The input ::
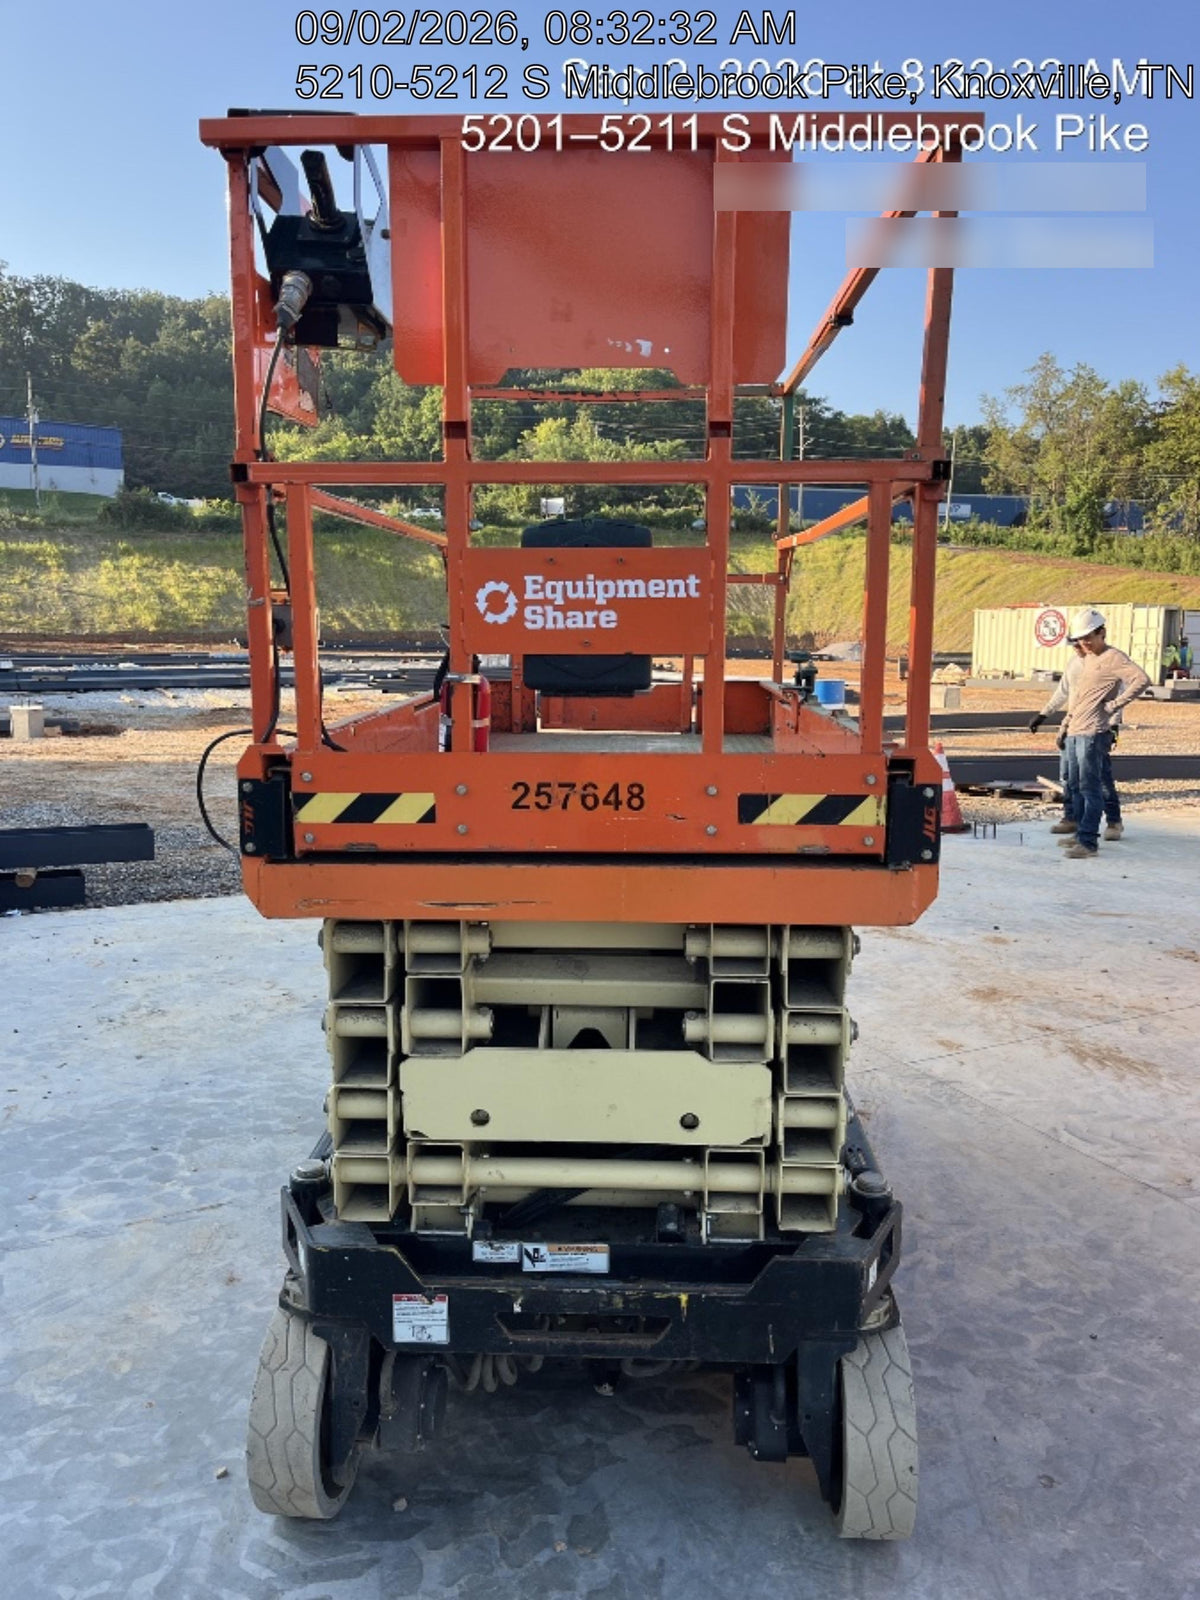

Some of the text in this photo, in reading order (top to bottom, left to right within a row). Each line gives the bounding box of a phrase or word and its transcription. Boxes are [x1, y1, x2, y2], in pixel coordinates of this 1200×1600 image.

[523, 573, 701, 605] Equipment
[523, 605, 619, 630] Share
[510, 781, 646, 811] 257648
[922, 805, 937, 843] JLG

Action item :: All records, pictures excluded: copy them exactly.

Written response ::
Some of the text in this photo, in reading order (top to bottom, left to right within a row). Each line gives the bounding box of a phrase or word and its transcription. Boxes are [x1, y1, x2, y2], in pixel coordinates of this 1200×1600 image.

[523, 573, 701, 605] Equipment
[523, 605, 619, 630] Share
[510, 781, 646, 811] 257648
[922, 805, 937, 843] JLG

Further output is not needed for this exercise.